While MNase preferentially cleaves internucleosomal linker DNA, the cleavage pattern is also biased by the nucleotide sequence (Wingert and Von Hippel 1968; Dingwall et al. 1981). To minimize the contribution of the MNase bias, chromatin profiles for the K562 and HeLa cells were obtained by competitive hybridization against MNase-digested bare genomic DNA (Fig. 1A). We have separately assessed MNase digestion bias on bare genomic DNA from K562 cells by hybridizing it against sonicated bare genomic DNA on the same microarray (see Methods). The resulting MNase bias profile exhibits statistically significant negative correlation with the K562 pre-extracted chromatin profile (Spearman r = −0.12, P < 10−10). This indicates that MNase sequence specificity is indeed more pronounced on bare genomic DNA than on the nucleosomal DNA, so that competitive hybridization of mononucleosome material against MNase-digested bare genomic DNA overcompensates for the MNase sequence bias. To reduce this residual contribution of the MNase bias, pre-extracted chromatin profiles were renormalized based on a local regression model describing contribution of MNase bias to the pre-extracted profile measurements (see Methods). Such renormalization reduced the correlation with the MNase bias measurement to r = −0.028 (P < 10−10).
The resulting chromatin profiles exhibit regions with regularly spaced peaks of width in the range of 150–200 bp that are expected from positioned nucleosomes (Fig. 2). These patterns are highly reproducible between biological replicates, and are also observed in samples prepared without the formaldehyde crosslinking step (see Methods). Chromosome locations occupied by well-positioned (fixed) nucleosomes were identified from the pre-extracted chromatin profiles using a hidden Markov model segmentation (see Methods). A total of 1169 fixed nucleosome positions were identified for K562 cells, and 1086 positions for HeLa cells. This indicates that >60% of nucleosomes are well positioned (67% for K562, 62% for HeLa, assuming optimal nucleosome packing with 195 bp distance).

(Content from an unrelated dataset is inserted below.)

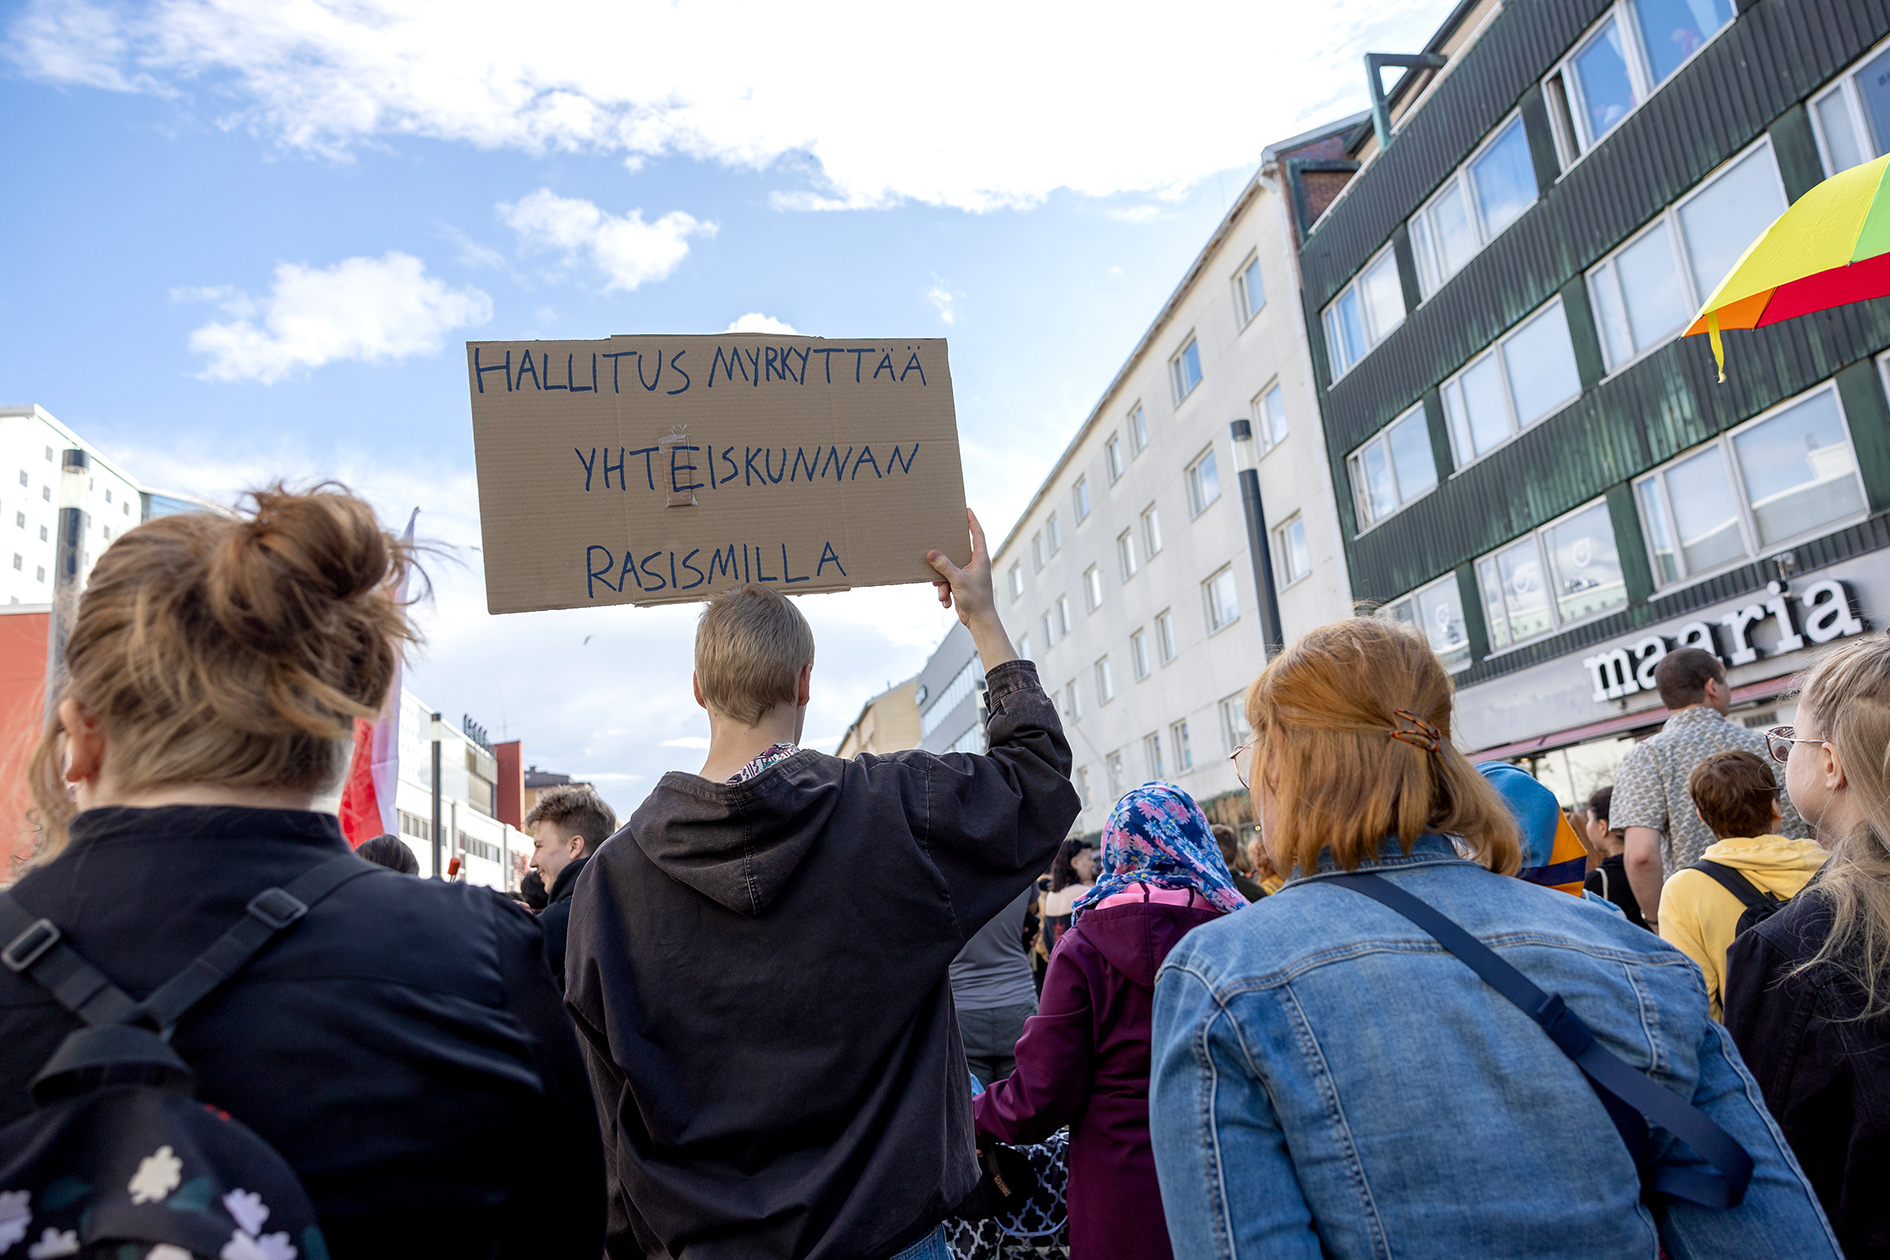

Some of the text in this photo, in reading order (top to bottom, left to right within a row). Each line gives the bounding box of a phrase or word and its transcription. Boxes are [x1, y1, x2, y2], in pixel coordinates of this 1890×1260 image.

[474, 346, 927, 395] HALLITUS MYRKYTTÄÄ
[575, 443, 919, 492] YHTEISKUNNAN
[587, 542, 846, 598] RASISMILLA

Based on the agreement between the biological replicate measurements, we estimate the error rate for fixed nucleosome predictions to be ∼20%. In addition, the predictions based on the K562 and HeLa data agree over 70% of nucleosome positions (71% of K562 nucleosome predictions, 77% of HeLa).
An example of measured chromatin profiles and nucleosome calls in the K562 cell line. (Top, gray) HOXA1 gene body (line) and exons (boxes). (Center main plot) Log intensity ratios for pre-extracted chromatin, with (solid lines) and without (dashed line) crosslinking. (Blue) Profile of pan-H3 ChIP measurement. (Colored bars) Positions of MNase hypersensitive sites identified in K562 cells (green), HeLa cells (orange, profiles not shown), and DNaseI hypersensitive site (red bar) identified by Sabo et al. (2006) in human lymphoblastoid cells. (Bottom track) Generated nucleosome predictions: (high values) fixed nucleosome predictions, (low values) linker regions, (intermediate values) likely positions of delocalized nucleosomes.

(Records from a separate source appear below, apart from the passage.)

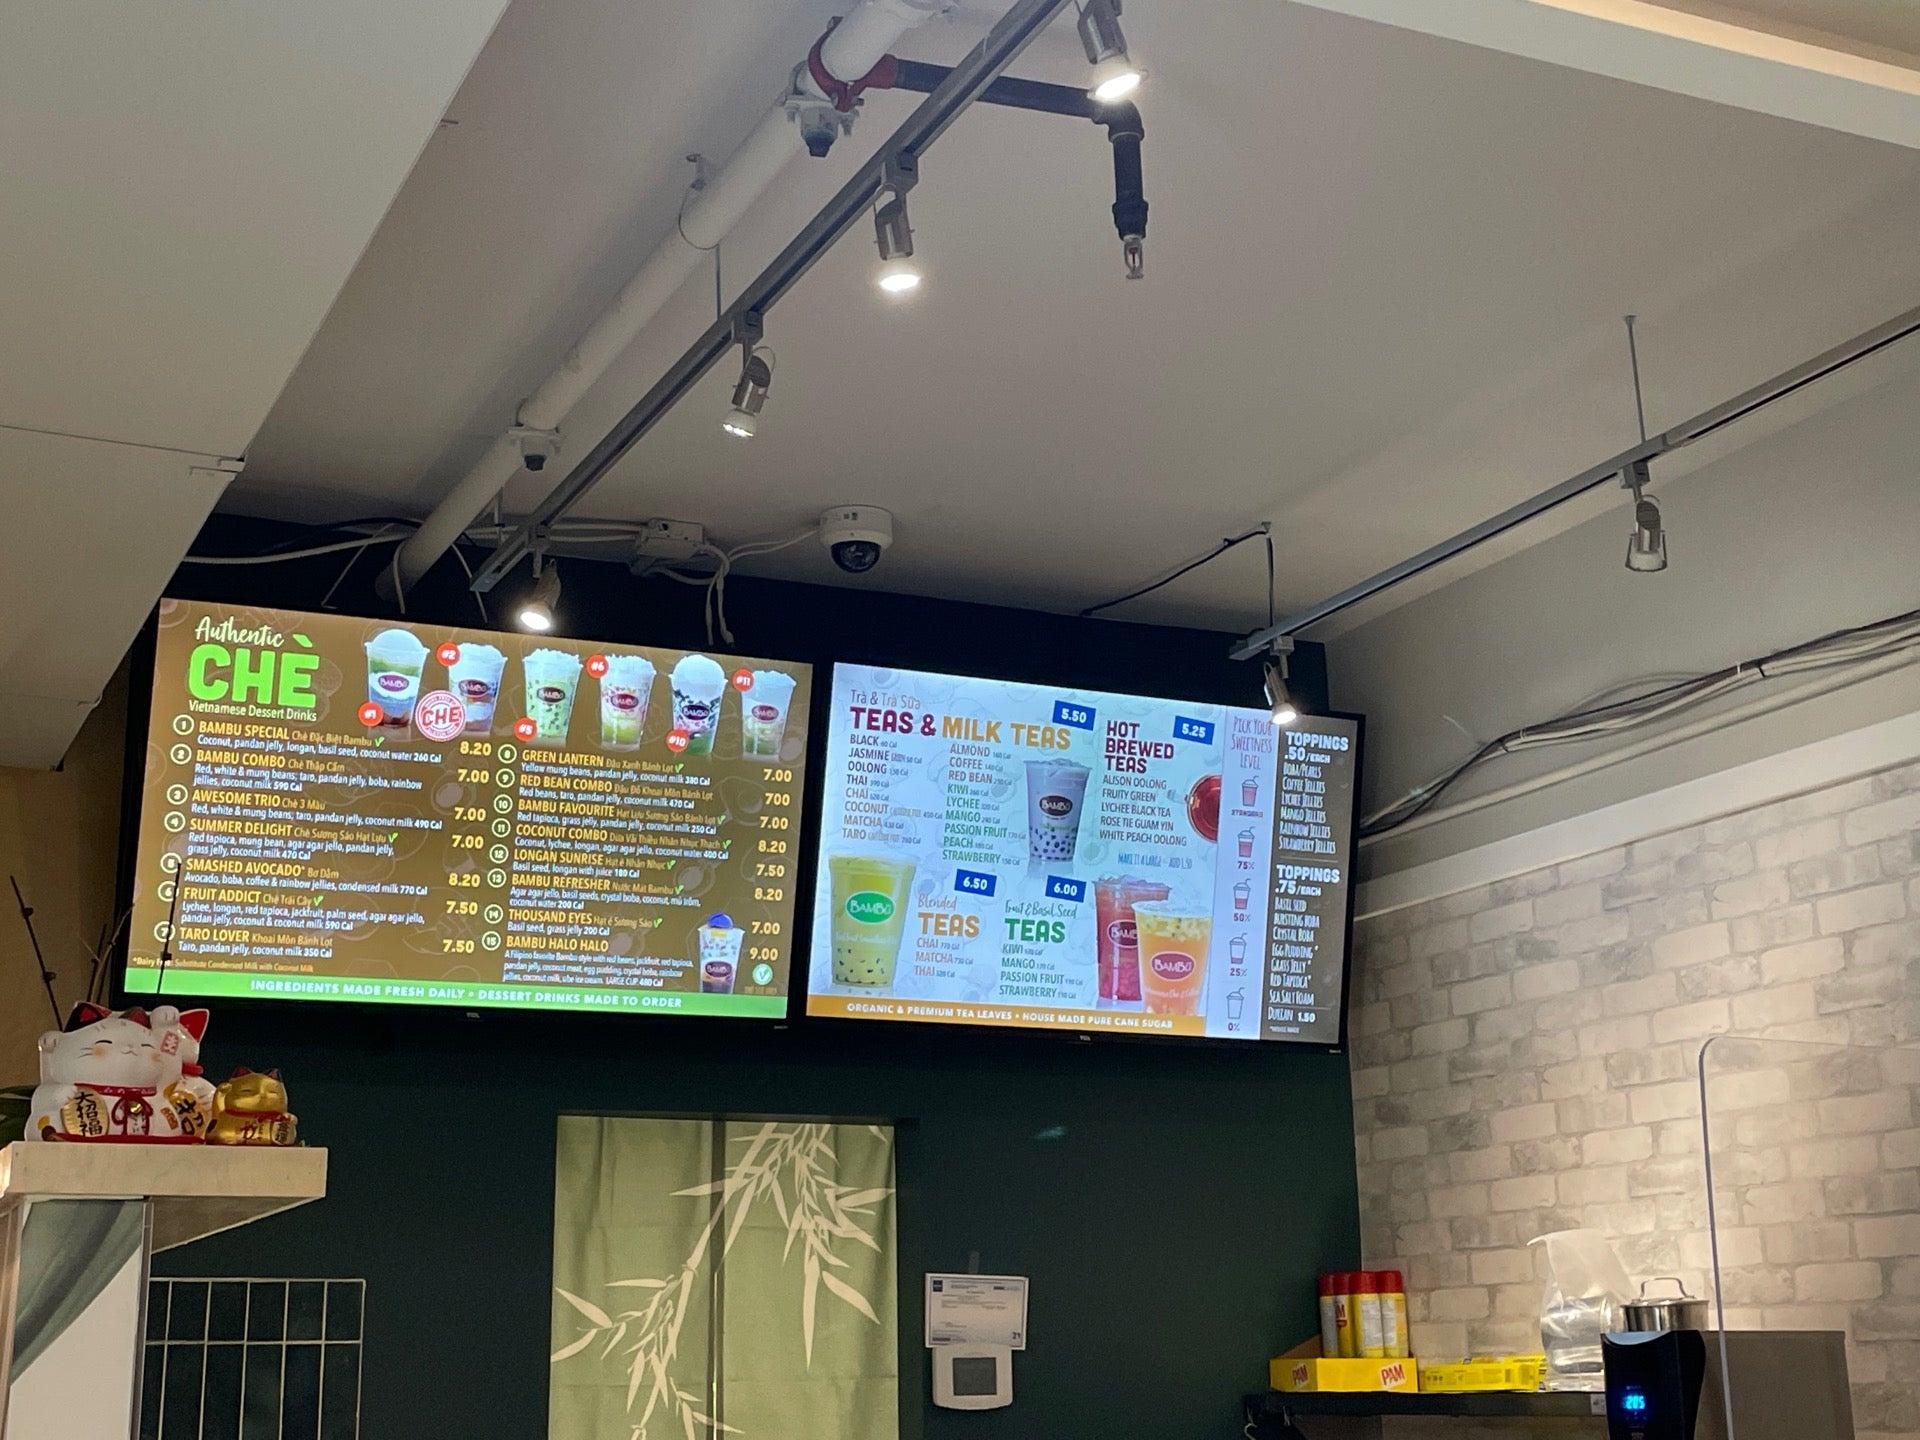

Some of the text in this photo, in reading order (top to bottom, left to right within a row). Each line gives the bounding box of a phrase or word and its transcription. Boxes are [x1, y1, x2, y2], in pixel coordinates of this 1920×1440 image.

[194, 612, 285, 648] Authentic
[187, 624, 321, 709] CHÈ
[851, 689, 867, 704] Trà
[870, 691, 878, 705] &
[881, 692, 897, 707] Trà
[187, 699, 317, 721] Vietnamese Dessert Drinks
[1061, 708, 1086, 723] 5.50
[198, 721, 289, 739] BAMBU SPECIAL
[848, 706, 1071, 750] TEAS & MILK TEAS
[1106, 720, 1139, 738] HOT
[1181, 723, 1205, 737] 5.25
[849, 734, 879, 746] BLACK
[1231, 734, 1272, 753] SWEETNESS
[1285, 731, 1348, 750] TOPPINGS
[459, 741, 491, 755] 8.20
[848, 747, 889, 760] JASMINE
[950, 743, 990, 756] ALMOND
[1105, 738, 1174, 759] BREWED
[196, 749, 285, 767] BAMBU COMBO
[522, 750, 603, 766] GREEN LANTERN
[949, 757, 982, 769] COFFEE
[1103, 755, 1147, 774] TEAS
[1240, 753, 1261, 769] LEVEL
[847, 761, 886, 774] OOLONG
[456, 768, 489, 783] 7.00
[762, 768, 792, 782] 7.00
[846, 774, 867, 785] THAI
[948, 770, 992, 783] RED BEAN
[520, 774, 612, 791] RED BEAN COMBO
[947, 783, 968, 794] KIWI
[1133, 777, 1166, 789] OOLONG
[192, 789, 280, 806] AWESOME TRIO
[764, 792, 790, 805] 700
[845, 787, 868, 799] CHAI
[1102, 789, 1156, 801] FRUITY GREEN
[518, 799, 614, 816] BAMBU FAVOURITE
[844, 801, 888, 814] COCONUT
[946, 796, 979, 808] LYCHEE
[453, 806, 486, 821] 7.00
[945, 810, 980, 822] MANGO
[1101, 802, 1171, 817] LYCHEE BLACK TEA
[189, 818, 292, 836] SUMMER DELIGHT
[759, 816, 788, 829] 7.00
[844, 814, 882, 827] MATCHA
[1100, 816, 1120, 826] ROSE
[1122, 817, 1133, 827] TIE
[1160, 820, 1173, 830] YIN
[516, 824, 607, 840] COCONUT COMBO
[843, 828, 866, 839] TARO
[944, 823, 1007, 837] PASSION FRUIT
[451, 834, 484, 848] 7.00
[943, 836, 973, 848] PEACH
[1099, 829, 1186, 846] WHITE PEACH OOLONG
[757, 840, 786, 853] 8.20
[514, 849, 603, 865] LONGAN SUNRISE
[942, 850, 1000, 863] STRAWBERRY
[185, 858, 242, 873] SMASHED
[755, 863, 784, 876] 7.50
[1237, 861, 1254, 869] 75%
[448, 872, 480, 886] 8.20
[1276, 864, 1340, 883] TOPPINGS
[512, 874, 610, 890] BAMBU REFRESHER
[963, 876, 987, 890] 6.50
[1053, 882, 1077, 896] 6.00
[183, 887, 261, 902] FRUIT ADDICT
[754, 887, 783, 900] 8.20
[446, 900, 478, 914] 7.50
[918, 893, 957, 910] Blended
[508, 909, 592, 924] THOUSAND EYES
[1233, 912, 1250, 921] 50%
[751, 921, 780, 934] 7.00
[916, 911, 980, 938] TEAS
[1003, 917, 1065, 943] TEAS
[179, 927, 249, 942] TARO LOVER
[178, 941, 332, 956] Taro, pandan jelly, coconut milk 350 Cal
[442, 939, 475, 953] 7.50
[506, 935, 608, 951] BAMBU HALO HALO
[916, 938, 938, 948] CHAI
[1002, 943, 1023, 954] KIWI
[749, 947, 778, 960] 9.00
[915, 951, 953, 963] MATCHA
[1001, 957, 1035, 969] MANGO
[913, 965, 935, 976] THAI
[1000, 971, 1064, 984] PASSION FRUIT
[1230, 968, 1246, 976] 25%
[250, 980, 681, 1006] INGREDIENTS MADE FRESH DAILY DESSERT DRINKS MADE TO ORDER
[999, 985, 1056, 997] STRAWBERRY
[847, 1003, 1173, 1028] ORGANIC & PREMIUM TEA LEAVES HOUSE MADE PURE CANE SUGAR
[1297, 1012, 1315, 1022] 1.50
[1227, 1023, 1239, 1031] 0%
[75, 1091, 102, 1136] 大招福
[1291, 1363, 1308, 1385] PAM
[1381, 1363, 1405, 1386] PAM

To validate that the observed peaks correspond to protection by nucleosome complexes, we performed ChIP–chip with a pan-histone H3 antibody, which allows for the enrichment of histone H3 regardless of covalent modifications present along the amino-terminal tail. The resulting profile strongly correlates with the pre-extracted chromatin measurements (Spearman r = 0.57, P < 10−16; see Figs. 2, 3). Overall, 94% of predicted nucleosome positions are associated with the peaks in the pan-H3 profile (50% expected by chance, 64% for control rabbit immunoglobulin antibody profile). The remaining 6% of predicted nucleosome peaks could include instances where non-histone proteins create nucleosome-sized protection or bind to nucleosomes in a manner that shields the pan-H3 epitope. To validate that the pre-extraction procedure does not have a notable effect on nucleosome positions, we have repeated the experiment for the K562 cells, omitting the pre-extraction step. The resulting profile is well-correlated with the pre-extracted measurements, and exhibits prominent peaks at the positions of the nearly all stable nucleosomes identified from the pre-extracted samples (Supplemental Fig. 13). However, the chromatin profile obtained without pre-extraction is notably noisier and exhibits additional, closely spaced peaks that most likely correspond to non-nucleosomal proteins. The identified nucleosome positions are also in general agreement with earlier predictions (Supplemental Sections 1, 2). These results strongly suggest that our methods of MNase-based nucleosome mapping accurately reflect long-range chromatin architecture.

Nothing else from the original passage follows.